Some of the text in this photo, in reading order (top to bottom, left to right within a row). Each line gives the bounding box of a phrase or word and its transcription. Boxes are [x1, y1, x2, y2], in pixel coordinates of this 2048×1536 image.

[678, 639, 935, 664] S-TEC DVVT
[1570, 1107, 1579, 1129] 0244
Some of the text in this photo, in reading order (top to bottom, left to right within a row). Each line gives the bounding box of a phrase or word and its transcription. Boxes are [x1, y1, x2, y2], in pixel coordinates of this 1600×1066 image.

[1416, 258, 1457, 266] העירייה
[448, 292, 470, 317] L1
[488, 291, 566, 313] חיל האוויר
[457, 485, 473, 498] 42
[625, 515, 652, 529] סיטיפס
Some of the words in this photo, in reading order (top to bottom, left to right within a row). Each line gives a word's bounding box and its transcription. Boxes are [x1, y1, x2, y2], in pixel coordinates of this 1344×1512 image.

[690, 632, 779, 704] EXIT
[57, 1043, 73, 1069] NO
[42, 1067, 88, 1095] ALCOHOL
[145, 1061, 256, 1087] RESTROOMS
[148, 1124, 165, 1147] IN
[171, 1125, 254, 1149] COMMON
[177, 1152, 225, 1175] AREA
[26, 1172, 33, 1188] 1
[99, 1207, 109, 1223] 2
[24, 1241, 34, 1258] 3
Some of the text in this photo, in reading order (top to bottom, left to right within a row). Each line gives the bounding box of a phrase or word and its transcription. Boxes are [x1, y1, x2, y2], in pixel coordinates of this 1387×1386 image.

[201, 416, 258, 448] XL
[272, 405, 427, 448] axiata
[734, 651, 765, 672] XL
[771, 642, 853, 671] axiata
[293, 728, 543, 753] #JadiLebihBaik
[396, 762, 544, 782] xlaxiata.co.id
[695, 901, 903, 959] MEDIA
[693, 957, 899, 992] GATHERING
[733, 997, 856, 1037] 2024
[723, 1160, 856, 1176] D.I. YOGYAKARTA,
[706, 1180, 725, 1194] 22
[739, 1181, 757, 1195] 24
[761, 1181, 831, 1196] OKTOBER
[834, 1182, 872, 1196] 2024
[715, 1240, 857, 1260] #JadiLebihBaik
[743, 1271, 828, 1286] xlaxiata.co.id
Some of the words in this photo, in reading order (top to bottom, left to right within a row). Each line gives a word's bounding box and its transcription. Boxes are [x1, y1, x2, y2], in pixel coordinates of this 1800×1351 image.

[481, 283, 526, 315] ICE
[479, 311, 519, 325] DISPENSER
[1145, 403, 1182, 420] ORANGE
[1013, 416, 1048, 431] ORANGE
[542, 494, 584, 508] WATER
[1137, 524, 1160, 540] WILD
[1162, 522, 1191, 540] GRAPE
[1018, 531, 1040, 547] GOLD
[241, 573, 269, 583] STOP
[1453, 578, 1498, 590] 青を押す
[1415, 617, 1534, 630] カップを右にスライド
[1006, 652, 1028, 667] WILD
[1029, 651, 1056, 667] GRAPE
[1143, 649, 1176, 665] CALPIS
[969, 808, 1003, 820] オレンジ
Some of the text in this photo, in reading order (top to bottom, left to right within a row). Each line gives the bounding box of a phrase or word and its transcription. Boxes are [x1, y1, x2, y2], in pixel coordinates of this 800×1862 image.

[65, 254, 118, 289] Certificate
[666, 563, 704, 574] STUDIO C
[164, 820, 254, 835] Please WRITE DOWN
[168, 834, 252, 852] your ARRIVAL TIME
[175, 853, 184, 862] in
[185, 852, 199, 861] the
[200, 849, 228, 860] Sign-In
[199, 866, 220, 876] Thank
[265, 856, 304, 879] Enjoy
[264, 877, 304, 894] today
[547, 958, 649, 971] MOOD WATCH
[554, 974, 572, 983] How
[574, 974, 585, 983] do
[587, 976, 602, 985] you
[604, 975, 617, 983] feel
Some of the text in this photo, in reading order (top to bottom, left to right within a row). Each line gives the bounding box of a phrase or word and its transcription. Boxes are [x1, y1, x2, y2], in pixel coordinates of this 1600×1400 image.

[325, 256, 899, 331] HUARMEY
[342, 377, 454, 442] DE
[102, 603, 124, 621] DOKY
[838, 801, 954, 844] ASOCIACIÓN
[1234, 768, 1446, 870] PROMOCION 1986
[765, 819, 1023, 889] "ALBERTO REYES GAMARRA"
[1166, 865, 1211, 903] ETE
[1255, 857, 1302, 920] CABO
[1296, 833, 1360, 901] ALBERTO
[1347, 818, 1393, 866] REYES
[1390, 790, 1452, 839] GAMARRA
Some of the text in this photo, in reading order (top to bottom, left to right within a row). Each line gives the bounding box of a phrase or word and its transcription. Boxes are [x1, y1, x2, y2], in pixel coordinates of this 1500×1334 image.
==============================
◆ WORK INSTRUCTIONS ◆
Provide a faithful, complete copy of the entries above.

◆ ANSWER TO THIS EXERCISE ◆
Some of the text in this photo, in reading order (top to bottom, left to right within a row). Each line gives the bounding box of a phrase or word and its transcription. Boxes are [x1, y1, x2, y2], in pixel coordinates of this 2048×1536 image.

[678, 639, 935, 664] S-TEC DVVT
[1570, 1107, 1579, 1129] 0244
Some of the text in this photo, in reading order (top to bottom, left to right within a row). Each line gives the bounding box of a phrase or word and its transcription. Boxes are [x1, y1, x2, y2], in pixel coordinates of this 1600×1066 image.

[1416, 258, 1457, 266] העירייה
[448, 292, 470, 317] L1
[488, 291, 566, 313] חיל האוויר
[457, 485, 473, 498] 42
[625, 515, 652, 529] סיטיפס
Some of the words in this photo, in reading order (top to bottom, left to right within a row). Each line gives a word's bounding box and its transcription. Boxes are [x1, y1, x2, y2], in pixel coordinates of this 1344×1512 image.

[690, 632, 779, 704] EXIT
[57, 1043, 73, 1069] NO
[42, 1067, 88, 1095] ALCOHOL
[145, 1061, 256, 1087] RESTROOMS
[148, 1124, 165, 1147] IN
[171, 1125, 254, 1149] COMMON
[177, 1152, 225, 1175] AREA
[26, 1172, 33, 1188] 1
[99, 1207, 109, 1223] 2
[24, 1241, 34, 1258] 3
Some of the text in this photo, in reading order (top to bottom, left to right within a row). Each line gives the bounding box of a phrase or word and its transcription. Boxes are [x1, y1, x2, y2], in pixel coordinates of this 1387×1386 image.

[201, 416, 258, 448] XL
[272, 405, 427, 448] axiata
[734, 651, 765, 672] XL
[771, 642, 853, 671] axiata
[293, 728, 543, 753] #JadiLebihBaik
[396, 762, 544, 782] xlaxiata.co.id
[695, 901, 903, 959] MEDIA
[693, 957, 899, 992] GATHERING
[733, 997, 856, 1037] 2024
[723, 1160, 856, 1176] D.I. YOGYAKARTA,
[706, 1180, 725, 1194] 22
[739, 1181, 757, 1195] 24
[761, 1181, 831, 1196] OKTOBER
[834, 1182, 872, 1196] 2024
[715, 1240, 857, 1260] #JadiLebihBaik
[743, 1271, 828, 1286] xlaxiata.co.id
Some of the words in this photo, in reading order (top to bottom, left to right within a row). Each line gives a word's bounding box and its transcription. Boxes are [x1, y1, x2, y2], in pixel coordinates of this 1800×1351 image.

[481, 283, 526, 315] ICE
[479, 311, 519, 325] DISPENSER
[1145, 403, 1182, 420] ORANGE
[1013, 416, 1048, 431] ORANGE
[542, 494, 584, 508] WATER
[1137, 524, 1160, 540] WILD
[1162, 522, 1191, 540] GRAPE
[1018, 531, 1040, 547] GOLD
[241, 573, 269, 583] STOP
[1453, 578, 1498, 590] 青を押す
[1415, 617, 1534, 630] カップを右にスライド
[1006, 652, 1028, 667] WILD
[1029, 651, 1056, 667] GRAPE
[1143, 649, 1176, 665] CALPIS
[969, 808, 1003, 820] オレンジ
Some of the text in this photo, in reading order (top to bottom, left to right within a row). Each line gives the bounding box of a phrase or word and its transcription. Boxes are [x1, y1, x2, y2], in pixel coordinates of this 800×1862 image.

[65, 254, 118, 289] Certificate
[666, 563, 704, 574] STUDIO C
[164, 820, 254, 835] Please WRITE DOWN
[168, 834, 252, 852] your ARRIVAL TIME
[175, 853, 184, 862] in
[185, 852, 199, 861] the
[200, 849, 228, 860] Sign-In
[199, 866, 220, 876] Thank
[265, 856, 304, 879] Enjoy
[264, 877, 304, 894] today
[547, 958, 649, 971] MOOD WATCH
[554, 974, 572, 983] How
[574, 974, 585, 983] do
[587, 976, 602, 985] you
[604, 975, 617, 983] feel
Some of the text in this photo, in reading order (top to bottom, left to right within a row). Each line gives the bounding box of a phrase or word and its transcription. Boxes are [x1, y1, x2, y2], in pixel coordinates of this 1600×1400 image.

[325, 256, 899, 331] HUARMEY
[342, 377, 454, 442] DE
[102, 603, 124, 621] DOKY
[838, 801, 954, 844] ASOCIACIÓN
[1234, 768, 1446, 870] PROMOCION 1986
[765, 819, 1023, 889] "ALBERTO REYES GAMARRA"
[1166, 865, 1211, 903] ETE
[1255, 857, 1302, 920] CABO
[1296, 833, 1360, 901] ALBERTO
[1347, 818, 1393, 866] REYES
[1390, 790, 1452, 839] GAMARRA
Some of the text in this photo, in reading order (top to bottom, left to right within a row). Each line gives the bounding box of a phrase or word and its transcription. Boxes are [x1, y1, x2, y2], in pixel coordinates of this 1500×1334 image.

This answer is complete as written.